中学時代に同性愛に目覚めカミングアウトしてました。過去や現在のことを綴っています。毎日更新中@福岡

書籍『僕たちのカラフルな毎日』の感想

僕たちのカラフルな毎日~弁護士夫夫の波瀾万丈奮闘記~

僕たちのカラフルな毎日~弁護士夫夫の波瀾万丈奮闘記~

 

 

『僕たちのカラフルな毎日』という本を読んだ。南和行さん、吉田昌史さんの2人が作者だけど、基本的には南くんが文章を書いていて、各章の途中で吉田くんのあとがき(フォロー)が入る形で書かれている。作者の2人は弁護士で大阪で弁護士事務所を開いて一緒に働いている。

 京都大学の学生時代に大学内のゲイの交流活動で2人は知り合っている。年齢は南くんの方が1歳ほど年上だ。たまたま同じ大阪の高校出身であることに気がついて、気が合うようになり付き合うようになった。その後、2人ともに弁護士になって2011年4月には結婚式をあげている。本の内容は、二人の出会い、就職と結婚、弁護士の仕事、家族との関係などを、同性愛者としてまた同性愛者同士で一緒に生きていく上で起こったことについて書かれている。

 この本を書店で見かけたら、是非開いて欲しいページがある。それは「P.49」だ。そのページには、南くんの誕生日を祝っている写真(2001年10月撮影)がある。この写真が何とも言えず素敵な写真だ。ボクはこの本を読み終わってからも、何度もP.49の2人の写真を見直してしまった。テーブルの上には、南くんのために作った吉田くんの手料理が並べられている。そして何と花瓶がないからとペットボトルに花が活けてある。吉田くんは写真を見て「パスタの盛り付けが雑なので愕然としてしまう」(P.59)と書いてるけど、そんなこと写真を見ている人には気にもならない。
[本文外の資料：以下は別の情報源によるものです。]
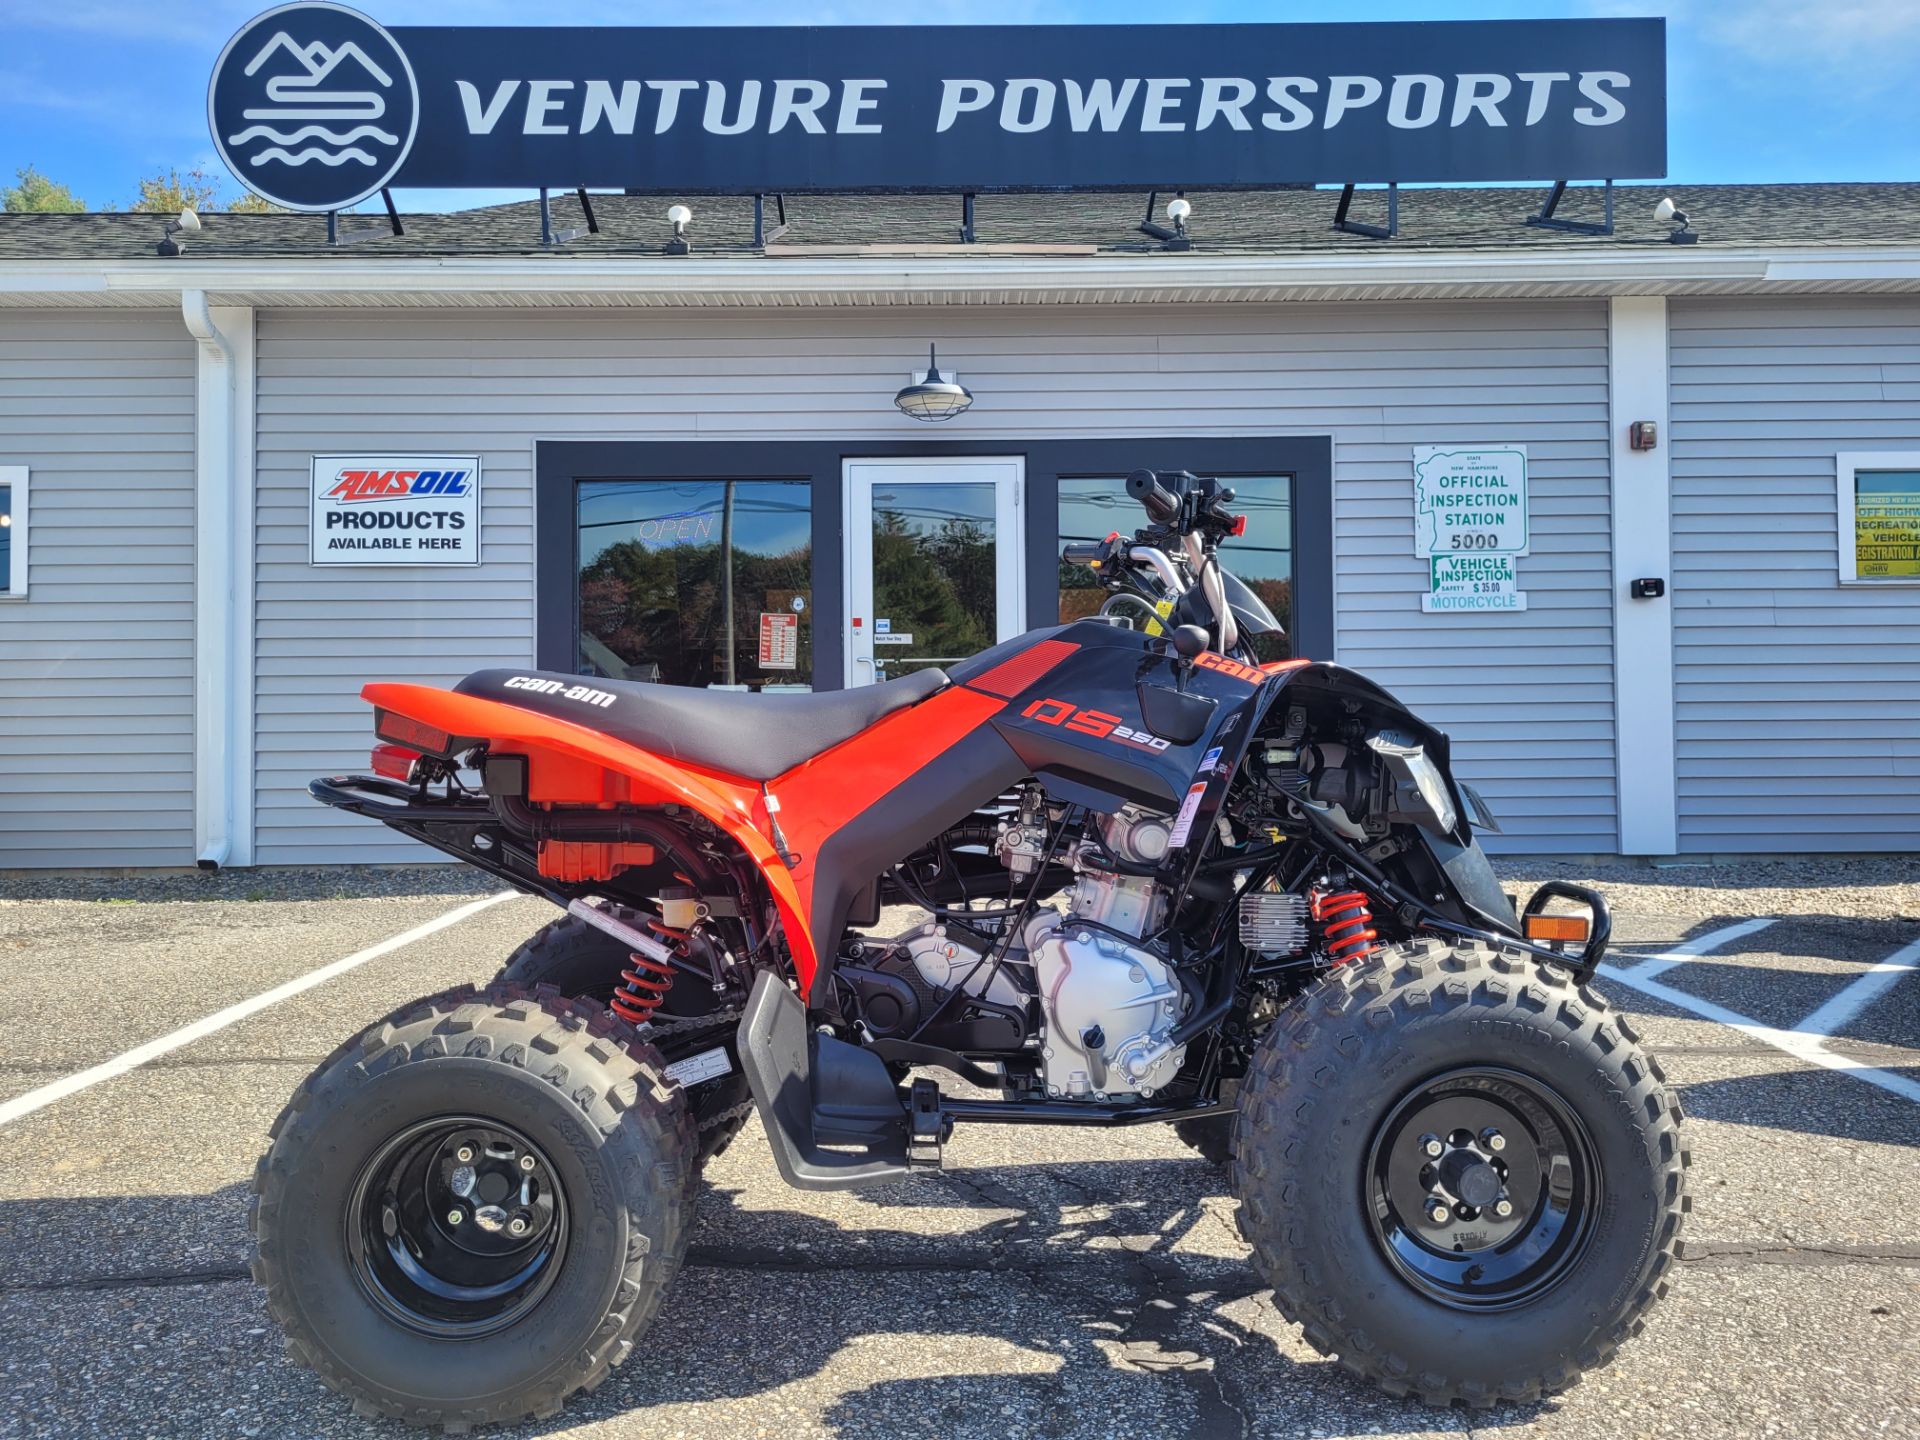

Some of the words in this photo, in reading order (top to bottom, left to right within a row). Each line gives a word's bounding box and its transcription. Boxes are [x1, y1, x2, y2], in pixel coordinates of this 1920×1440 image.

 だって顔を寄せ合って写っている2人が本当に幸せそうだから……

 この本の中で何度か触れられているけど、吉田くんは他人のために料理を作るのが好きだそうだ。ボク自身も料理はよく作るけど、いつも自分のためだけに作っている。誰かのために料理を作ったことは一度もない。ボクが作る料理は、効率よく作れる料理。健康を損ねないように栄養が偏らないような料理だ。ただ自分のためだけに料理を作っている。この本を読んでいて誰かのために料理を作ってみたくなった。それだけ吉田くんが南くんのために作った料理が並べられた写真は素敵だった。

 とにかくこの本を見かけたら、P.49の写真だけは見て欲しい。きっと見てるだけで幸せな気持ちになれると思う。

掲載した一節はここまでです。